■ **TASK INSTRUCTIONS**:
Would you reproduce the whole listing exactly, dropping any pictures it holds?

● ● ● ●

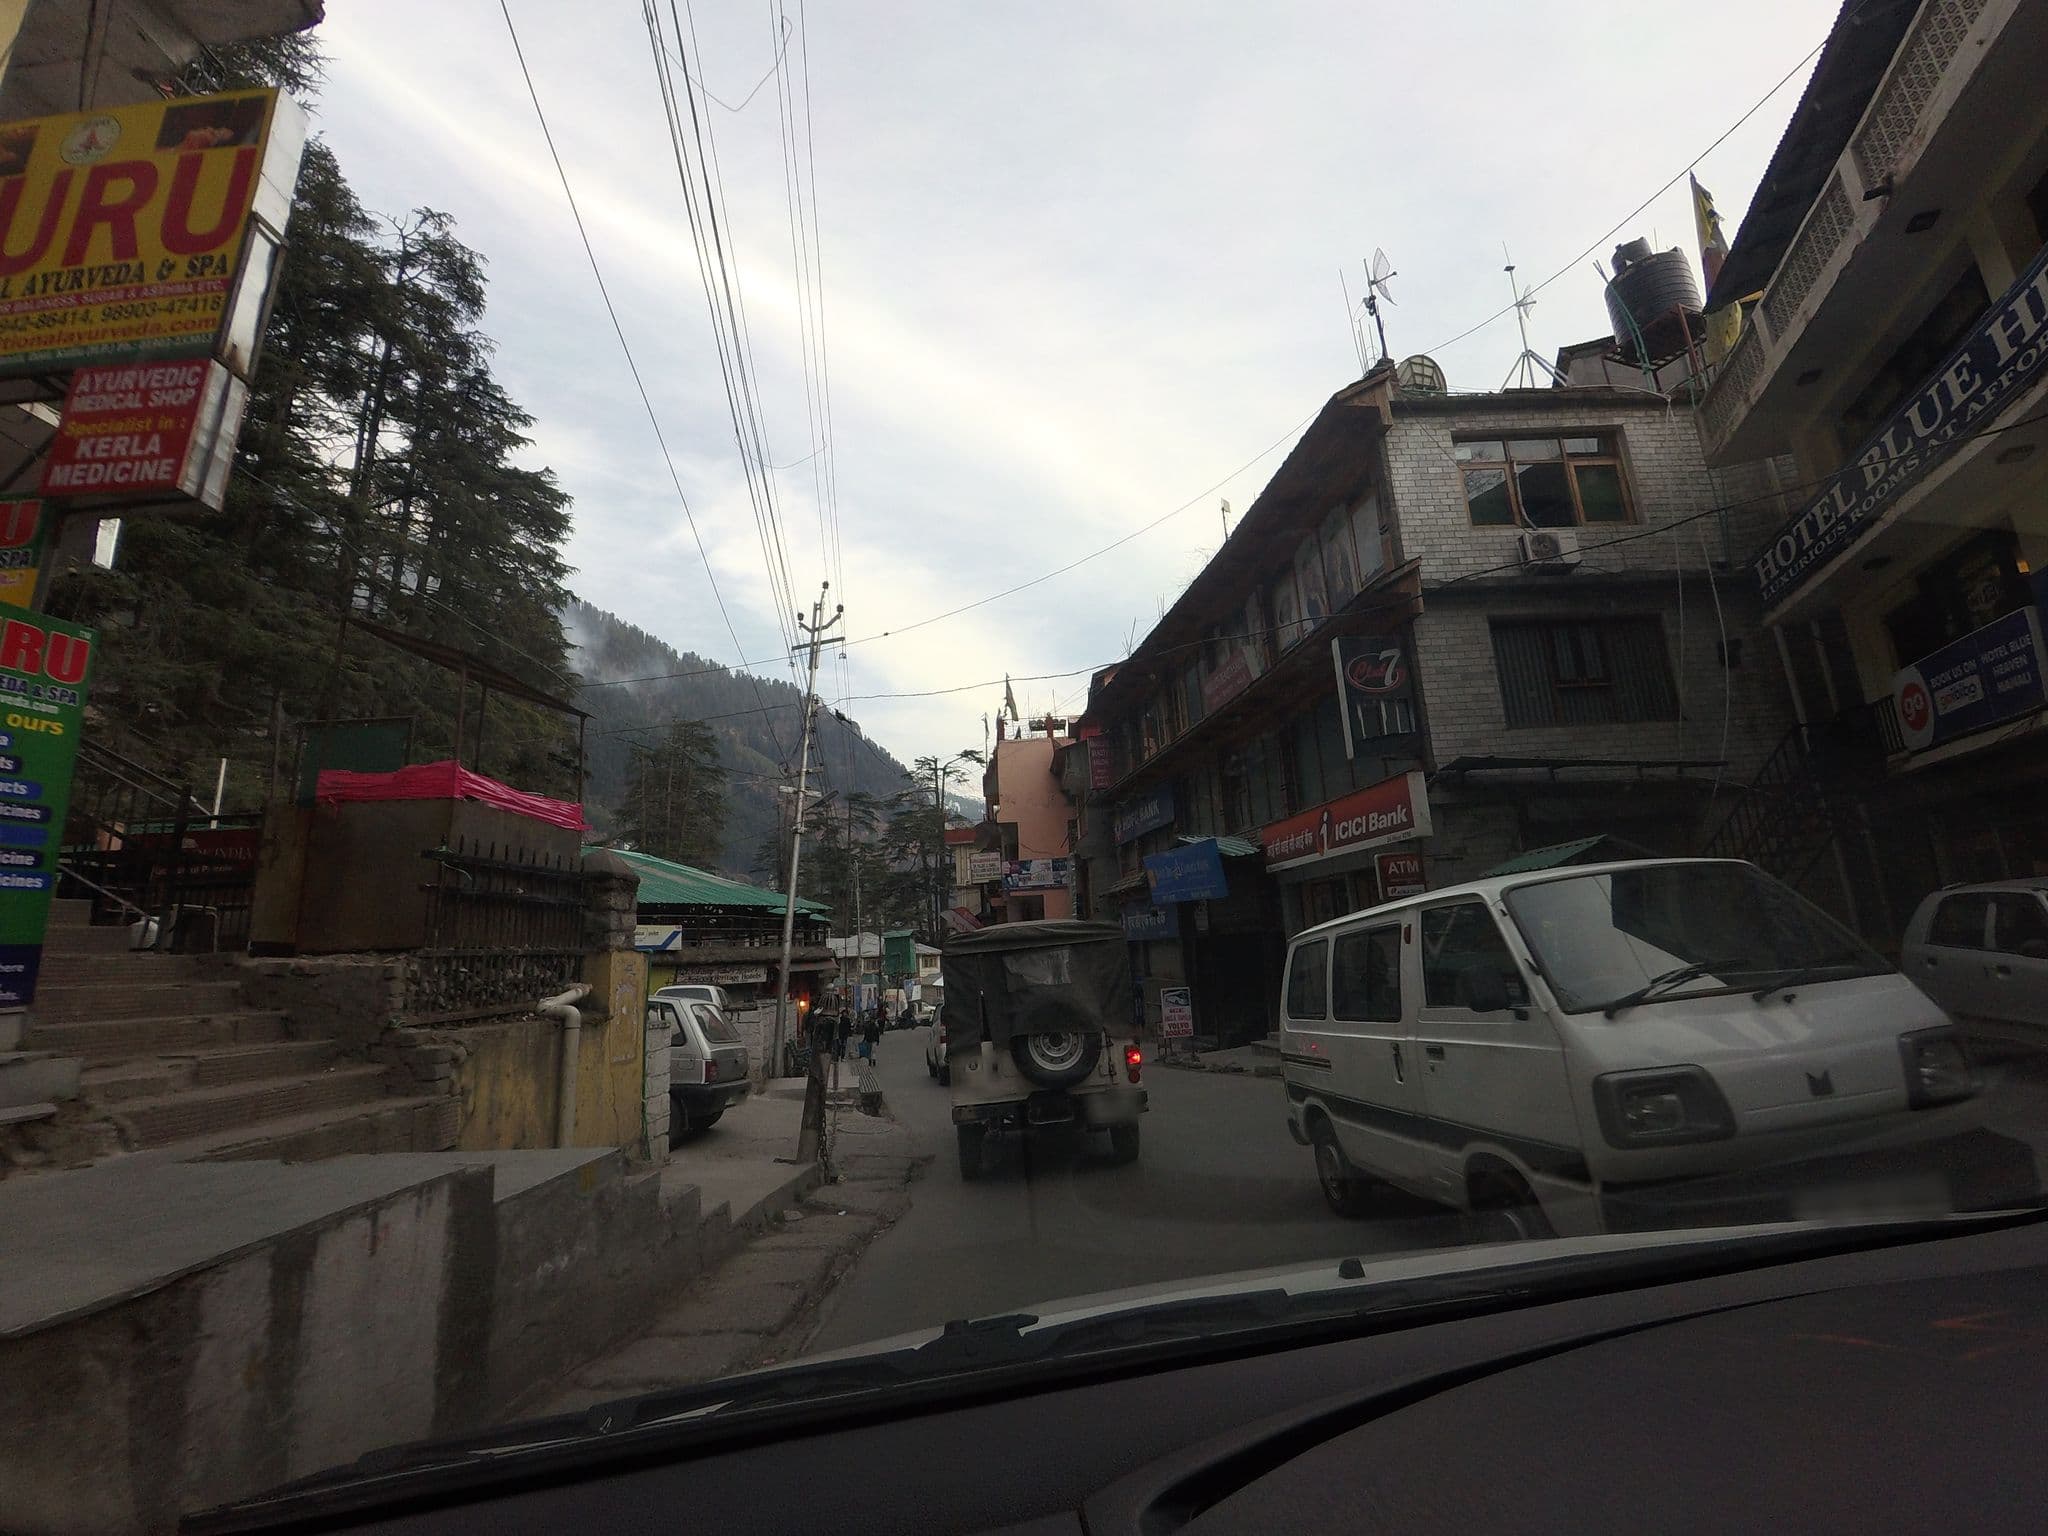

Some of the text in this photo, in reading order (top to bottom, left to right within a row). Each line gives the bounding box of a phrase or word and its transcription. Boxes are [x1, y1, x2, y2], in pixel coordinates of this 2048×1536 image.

[22, 262, 145, 297] AYURVEDA
[157, 258, 176, 280] &
[185, 254, 228, 278] SPA
[75, 366, 203, 394] AYURVEDIC
[69, 387, 196, 413] MEDICAL SHOP
[74, 433, 162, 460] KERLA
[47, 458, 177, 488] MEDICINE
[1754, 481, 1859, 587] HOTEL
[1858, 355, 1983, 491] BLUE
[1762, 522, 1849, 600] LUXURIOUS
[1849, 454, 1921, 532] ROOMS
[1925, 418, 1958, 458] AT
[1981, 634, 2032, 665] HOTEL BLUE
[1930, 669, 1952, 689] BOOK
[1963, 658, 1978, 673] ON
[1993, 654, 2028, 676] HEAVEN
[31, 683, 43, 699] &
[47, 685, 79, 707] SPA
[1335, 815, 1366, 842] ICICI
[1368, 804, 1409, 832] Bank
[1388, 860, 1420, 876] ATM
[1167, 1022, 1190, 1030] VOLVO

● ● ● ●

■ **THE ANSWER**:
Some of the text in this photo, in reading order (top to bottom, left to right within a row). Each line gives the bounding box of a phrase or word and its transcription. Boxes are [x1, y1, x2, y2], in pixel coordinates of this 2048×1536 image.

[22, 262, 145, 297] AYURVEDA
[157, 258, 176, 280] &
[185, 254, 228, 278] SPA
[75, 366, 203, 394] AYURVEDIC
[69, 387, 196, 413] MEDICAL SHOP
[74, 433, 162, 460] KERLA
[47, 458, 177, 488] MEDICINE
[1754, 481, 1859, 587] HOTEL
[1858, 355, 1983, 491] BLUE
[1762, 522, 1849, 600] LUXURIOUS
[1849, 454, 1921, 532] ROOMS
[1925, 418, 1958, 458] AT
[1981, 634, 2032, 665] HOTEL BLUE
[1930, 669, 1952, 689] BOOK
[1963, 658, 1978, 673] ON
[1993, 654, 2028, 676] HEAVEN
[31, 683, 43, 699] &
[47, 685, 79, 707] SPA
[1335, 815, 1366, 842] ICICI
[1368, 804, 1409, 832] Bank
[1388, 860, 1420, 876] ATM
[1167, 1022, 1190, 1030] VOLVO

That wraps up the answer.